R. v. Garofoli et al., [1990] 2 S.C.R. 1421; 116 N.R. 241; 43 O.A.C. 1; 60 C.C.C.(3d) 161; 80 C.R.(3d) 317; 50 C.R.R. 206, refd to. [para. 18].

R. v. Debot, [1989] 2 S.C.R. 1140; 102 N.R. 161; 37 O.A.C. 1; 52 C.C.C.(3d) 193; 73 C.R.(3d) 129; 45 C.R.R. 49, refd to. [para. 21].

R. v. Duguay, [1989] 1 S.C.R. 93; 91 N.R. 201; 31 O.A.C. 177, refd to. [para. 29].

R. v. Greffe, [1990] 1 S.C.R. 755; 107 N.R. 1; 107 A.R. 1; 55 C.C.C.(3d) 161; 75 C.R.(3d) 257; 46 C.R.R. 1; [1990] 3 W.W.R. 577; 73 Alta. L.R.(2d) 97, refd to. [para. 29].

Statutes Noticed:

Canadian Charter of Rights and Freedoms, 1982, sect. 8, sect. 24(2) [para. 14].

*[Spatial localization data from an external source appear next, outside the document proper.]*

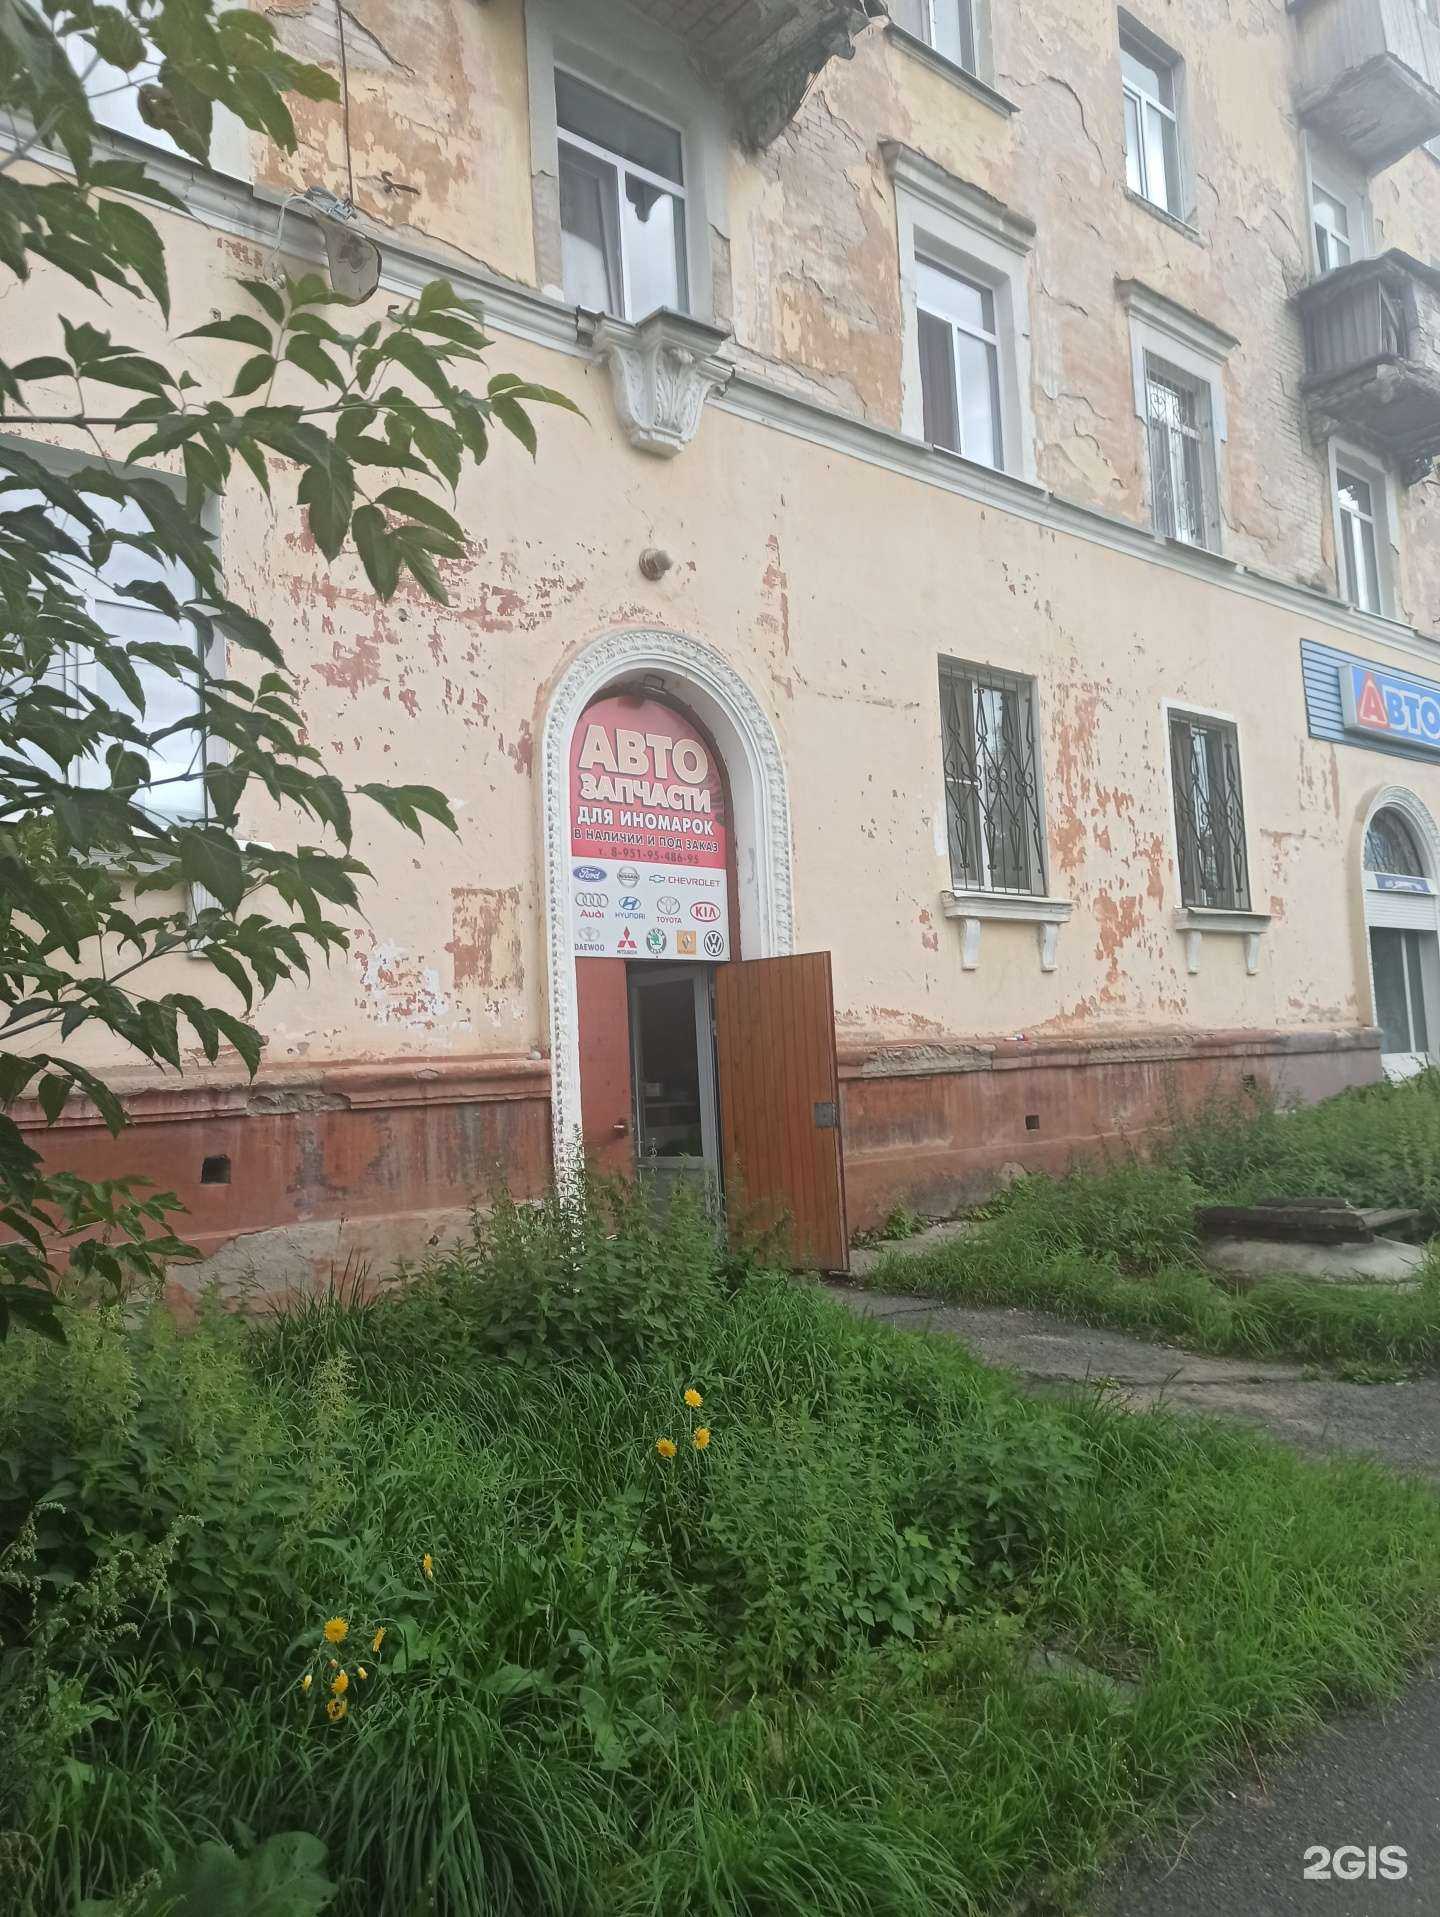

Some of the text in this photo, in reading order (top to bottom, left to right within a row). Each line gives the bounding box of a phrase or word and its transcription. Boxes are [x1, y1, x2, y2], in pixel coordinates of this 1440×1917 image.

[578, 724, 708, 784] АВТО
[580, 773, 711, 813] ЗАПЧАСТИ
[577, 806, 714, 835] ДЛЯ ИНОМАРОК
[574, 829, 719, 852] В НАЛИЧИИ И ПОД ЗАКАЗ
[578, 867, 601, 880] Ford
[668, 876, 721, 887] CHEVROLET
[580, 909, 605, 918] Audi
[695, 908, 717, 918] KIA
[656, 916, 682, 924] TOYOTA
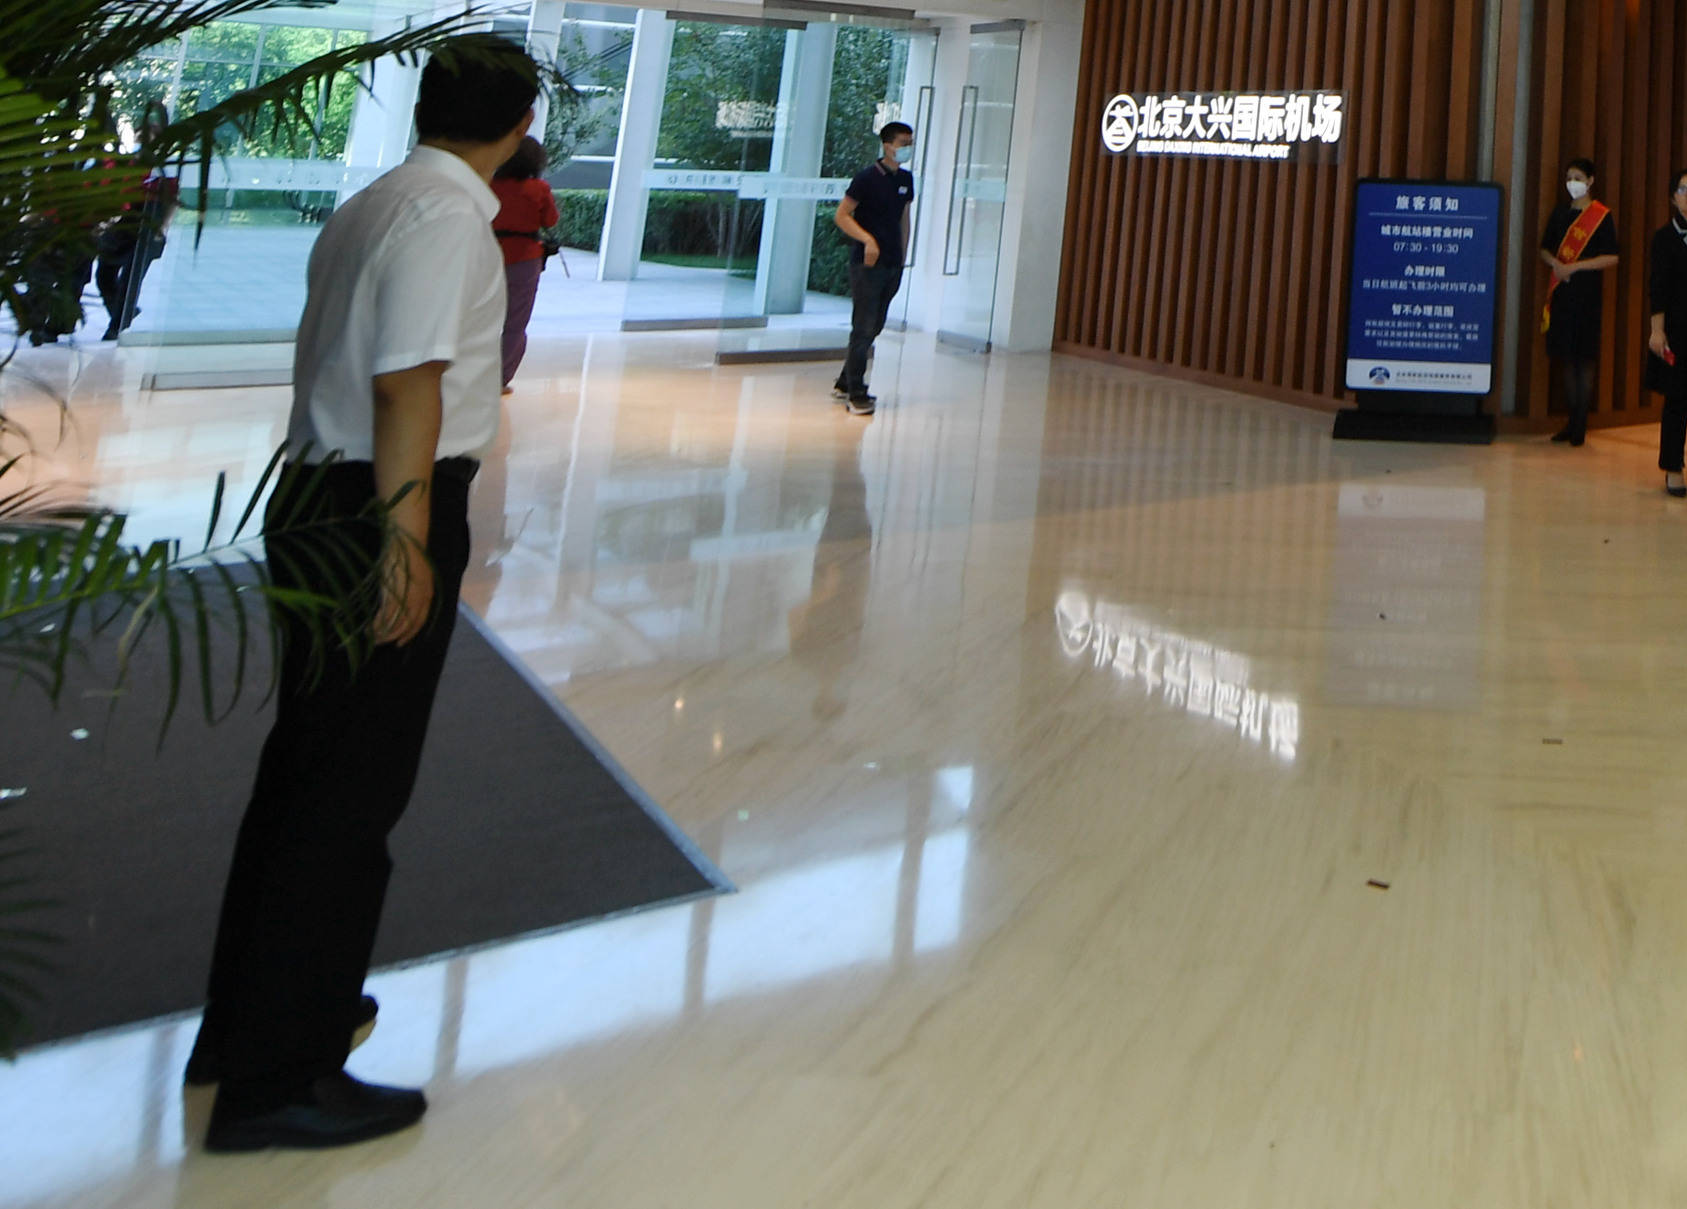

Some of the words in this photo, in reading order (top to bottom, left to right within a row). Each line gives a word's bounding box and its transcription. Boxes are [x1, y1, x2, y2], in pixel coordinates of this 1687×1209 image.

Narcotic Control Act, R.S.C. 1985, c. N-1, sect. 4(2), sect. 6(1) [para. 2]; sect. 10, sect. 12 [para. 14].

Counsel:

Greg Cranston and Claire Ducluzeau, for the appellant;

S. David Frankel, Q.C., for the respondent;

David M. Rosenberg, for the intervener.

Solicitors of Record:

Cranston & Co., Vancouver, British Co­lumbia, for the appellant;

John C. Tait, Q.C., Deputy Attorney Gen­eral of Canada, Ottawa, Ontario, for the respondent;

Rosenberg & Rosenberg, Vancouver, Brit­ish Columbia, for the intervener.

This appeal was heard on November 5, 1992, before Lamer, C.J.C., La Forest, So­pinka, Gonthier, Cory, McLachlin and Iacobucci, JJ., of the Supreme Court of Canada. The decision of the court was delivered by Sopinka, J., on September 30, 1993.